# libnodave: Woher kommt die "libnodave.net.dll"?



## Thomas_v2.1 (9 November 2008)

Hallo,
kann mir jemand sagen wie die libnodave.net.dll im Dot.NET Verzeichnis erstellt wurde?

Ich schreibe gerade an einer kleinen Erweiterung mit libnodave (Quasi ein noDaveServer um die Daten an PLCSim durchzustellen). Deren Funktionen habe ich auch in eine dll ausgelagert, um diese mit C# wieder verwenden zu können.
Die Dll habe ich erzeugt, jedoch bekomme ich bei Ausfürung in C# eine Meldung dass ein Assemblyverweis nicht gefunden wurde.

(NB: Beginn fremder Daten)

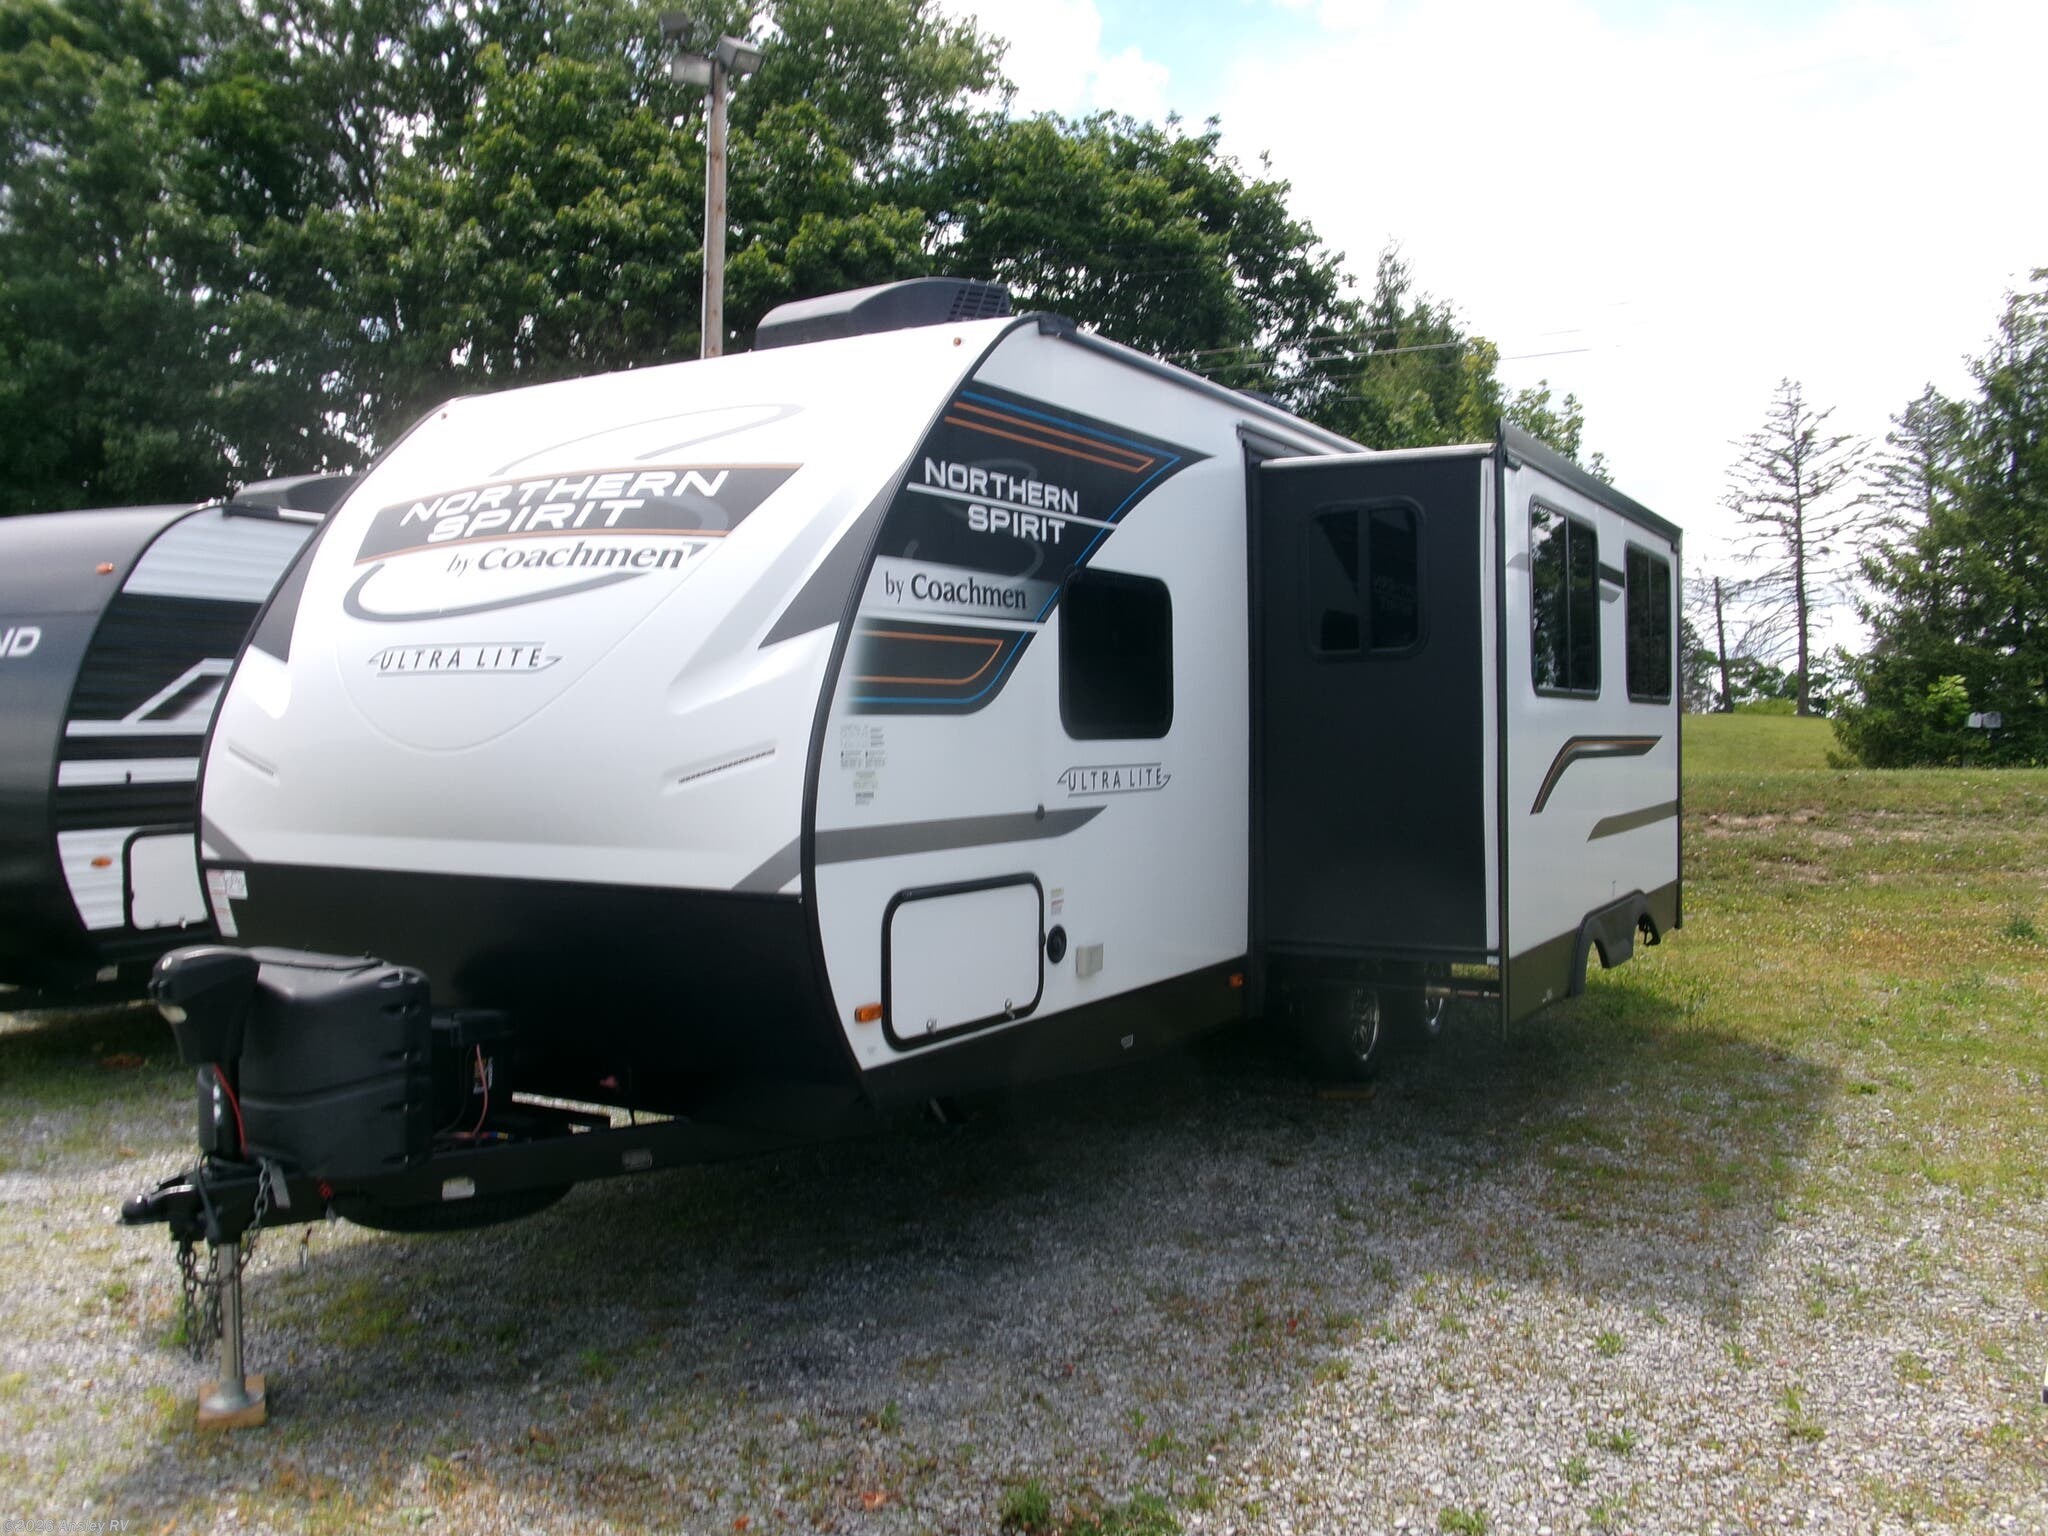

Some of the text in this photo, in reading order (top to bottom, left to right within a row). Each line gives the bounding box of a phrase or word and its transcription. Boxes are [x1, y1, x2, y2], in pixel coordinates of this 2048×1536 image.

[400, 470, 730, 527] NORTHERN
[924, 457, 1079, 515] NORTHERN
[427, 499, 645, 543] SPIRIT
[967, 504, 1066, 544] SPIRIT
[446, 540, 684, 577] by Coachmen
[885, 572, 1027, 610] by Coachmen
[380, 647, 543, 671] ULTRA LITE
[1068, 767, 1162, 792] ULTRA LITE

In der .net.dll scheint auf jeden Fall einiges zu fehlen, da diese wesentlich kleiner als die eigentliche dll ist.

Gruß
Thomas


----------



## Rainer Hönle (10 November 2008)

Normalerweise sind diese .net-DLLs nur reine Wrapper-DLLs die die Funktionaufrufe an die normale DLL durchreichen (daher auch die geringere Größe). Deshalb muss die eigentliche DLL ebenfalls vorhanden sein und gefunden werden.


----------



## Thomas_v2.1 (10 November 2008)

Rainer Hönle schrieb:


> Normalerweise sind diese .net-DLLs nur reine Wrapper-DLLs die die Funktionaufrufe an die normale DLL durchreichen (daher auch die geringere Größe). Deshalb muss die eigentliche DLL ebenfalls vorhanden sein und gefunden werden.



Ah, ich dachte es gibt irgenwo eine Möglichkeit diese aus einer DLL automatisch erzeugen zu lassen.

Das InteropSignatureToolkit versucht ja zumindest einzelne Strukturen oder Funktionsprototypen umzusetzen. Aber so ganz ohne Handarbeit funktioniert das auch nicht.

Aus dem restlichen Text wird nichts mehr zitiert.